Le congrès des exploitants qui se tenait à Deauville à la fin du mois de septembre a été l’occasion pour la ministre de la Culture Roselyne Bachelot de préciser un plan de relance des filières du cinéma incluant les distributeurs. Renfloué à hauteur de 165 millions d’euros, le CNC va affecter 17,7 millions d’euros d’aide à la distribution afin d'encourager la sortie des films pendant cette période de reprise. Ces aides prendront la forme de majoration de soutiens générés sur la période allant du 1er septembre au 31 décembre, en comparaison des mois précédents. Les aides sélectives à la distribution sont également renforcées pour aider au cas par cas la sortie des films les plus fragiles financièrement. De même, une bonification du soutien automatique distributeur est prévue pour chaque sortie en salle d’œuvres nouvelles. Enfin, les péremptions des comptes automatiques de soutien sont repoussées d’un an pour laisser plus de flexibilité aux sociétés de distribution en difficulté de trésorerie.
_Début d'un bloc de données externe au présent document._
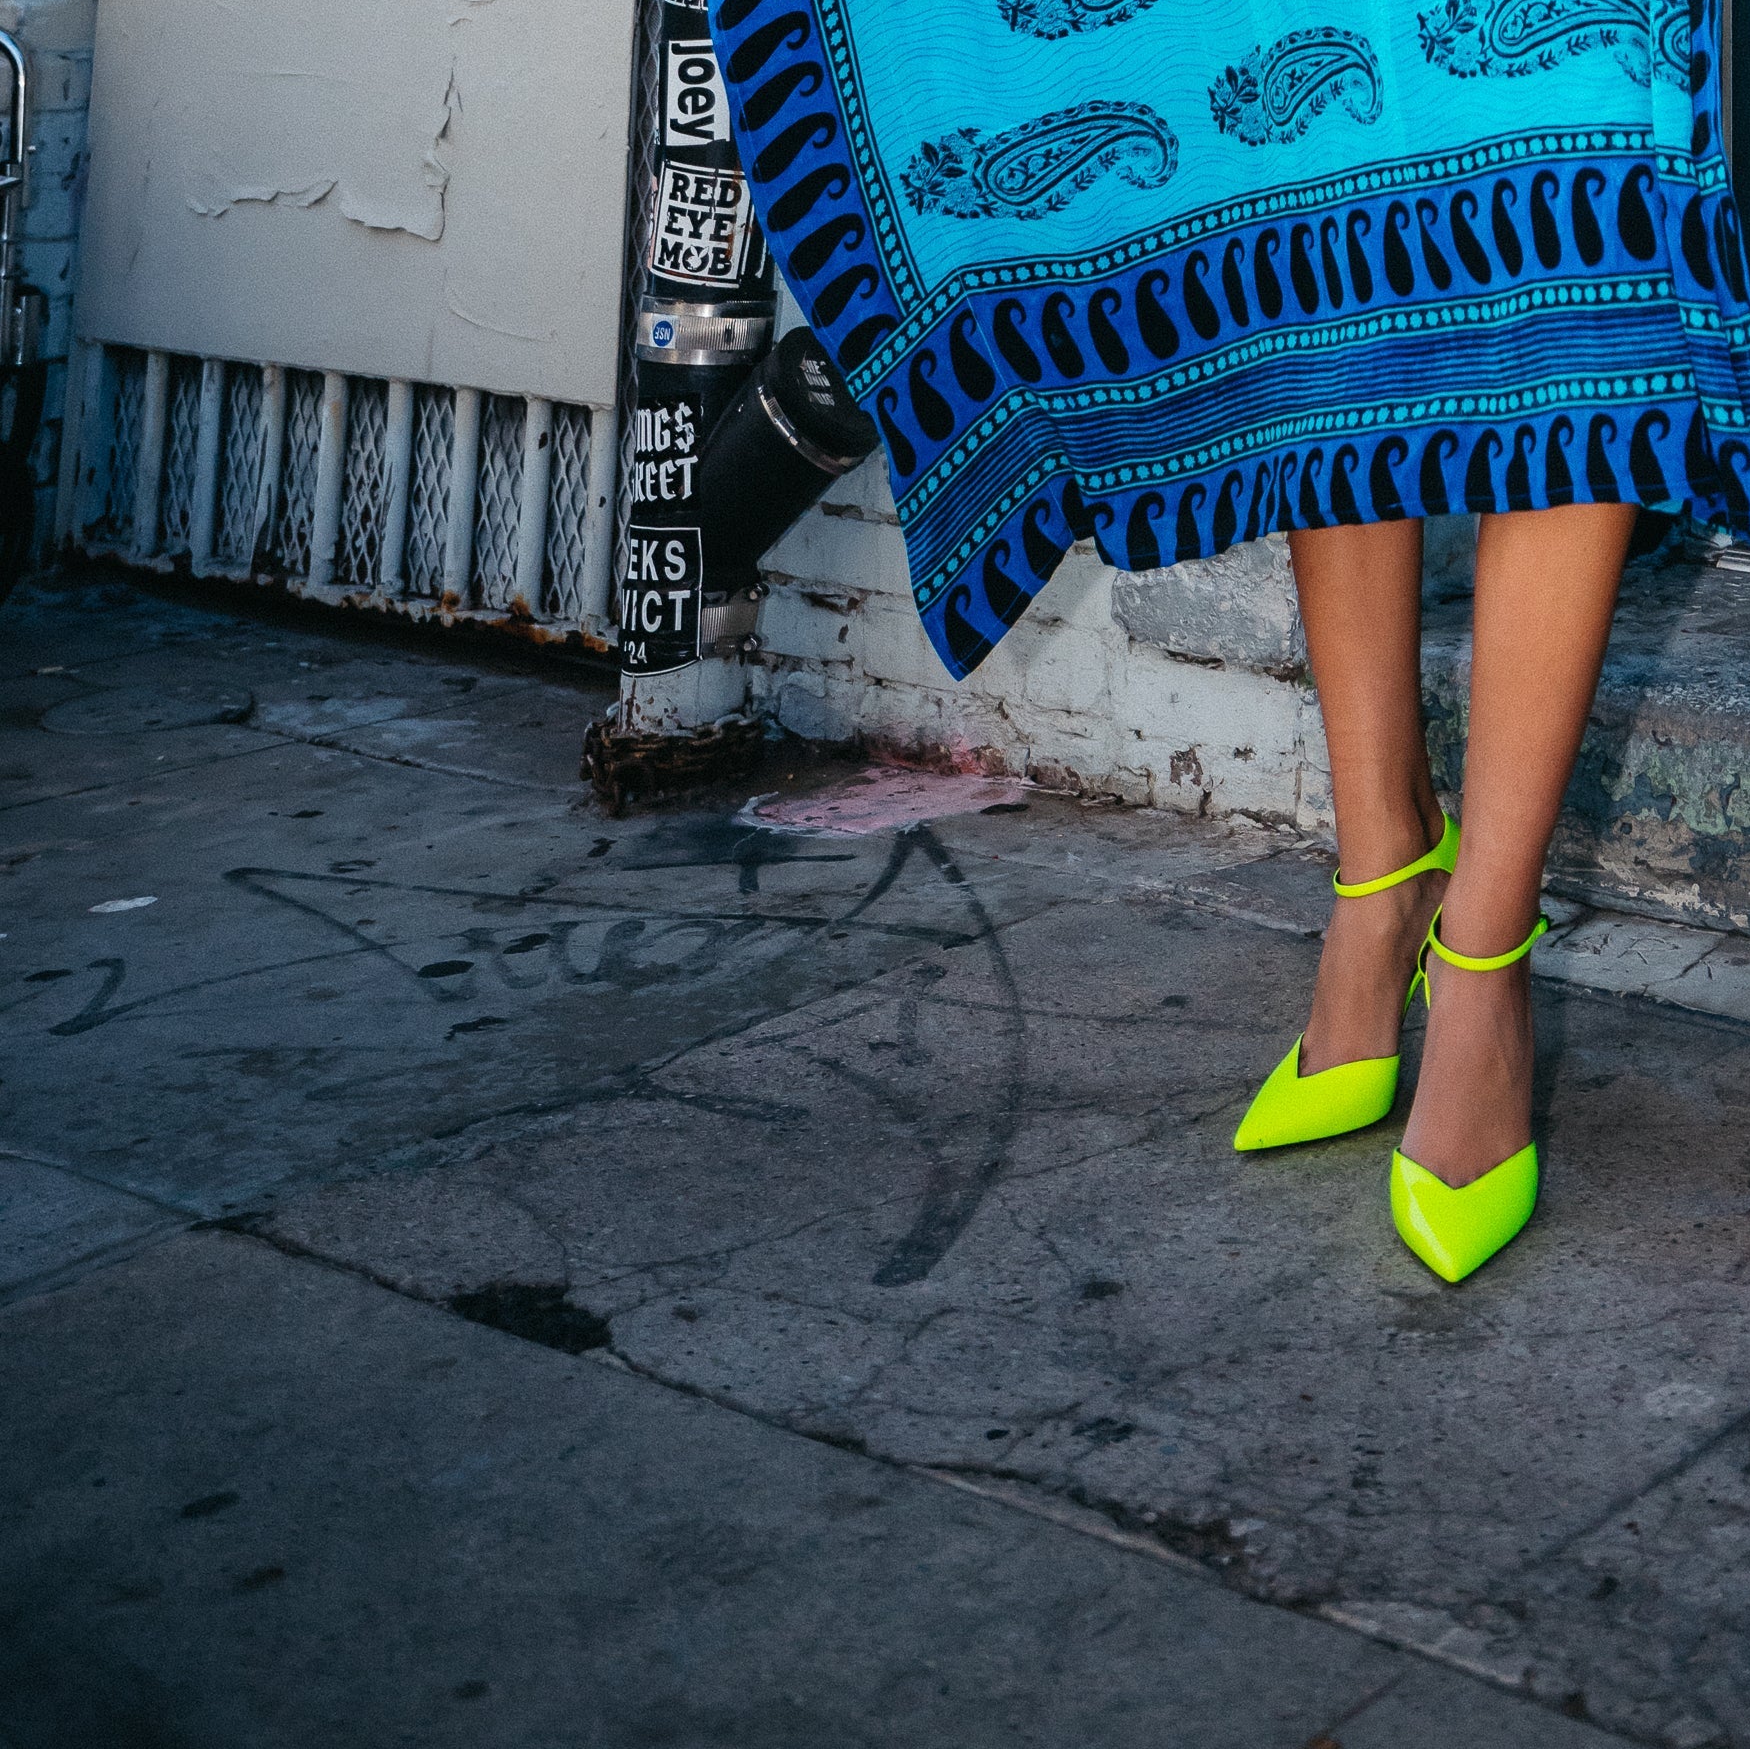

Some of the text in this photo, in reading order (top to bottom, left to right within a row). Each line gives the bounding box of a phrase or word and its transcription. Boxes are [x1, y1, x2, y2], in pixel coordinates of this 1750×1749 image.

[669, 42, 716, 141] Joey
[668, 171, 743, 210] RED
[664, 204, 737, 244] EYE
[657, 237, 733, 277] MOB
[654, 326, 671, 336] NSF
[627, 538, 687, 582] EKS
[623, 640, 648, 665] '24
Des mesures accueillies avec attention et intérêt par Étienne Ollagnier, qui n’enlèvent cependant rien à l’incertitude globale qui règne concernant l’évolution de la pandémie : "On reste malheureusement dans une stratégie de court terme même si les mesures ont pour but de garantir la diversité des films. Nous voulons tous faire en sorte que les films rencontrent leur public, mais est-ce que cela a encore du sens quand on voit les prévisions actuelles du ministère de la Santé ?" Stéphane Auclaire, lui, se refuse à être trop prudent et veut être confiant : "Il faut sortir les films, et non les décaler encore et toujours alors qu’on ne sait pas quand cette crise prendra fin. C’est important psychologiquement pour toute la profession", explique celui qui s’apprête à sortir trois films d’ici la fin de l’année 2020. Avant de conclure : "Si le CNC et le ministère de la Culture continuent de jouer le jeu comme c’est le cas actuellement, et que de notre côté, on arrive à faire primer le désir de cinéma sur la peur du virus, il n’y a pas de raison qu’on ne s’en sorte pas."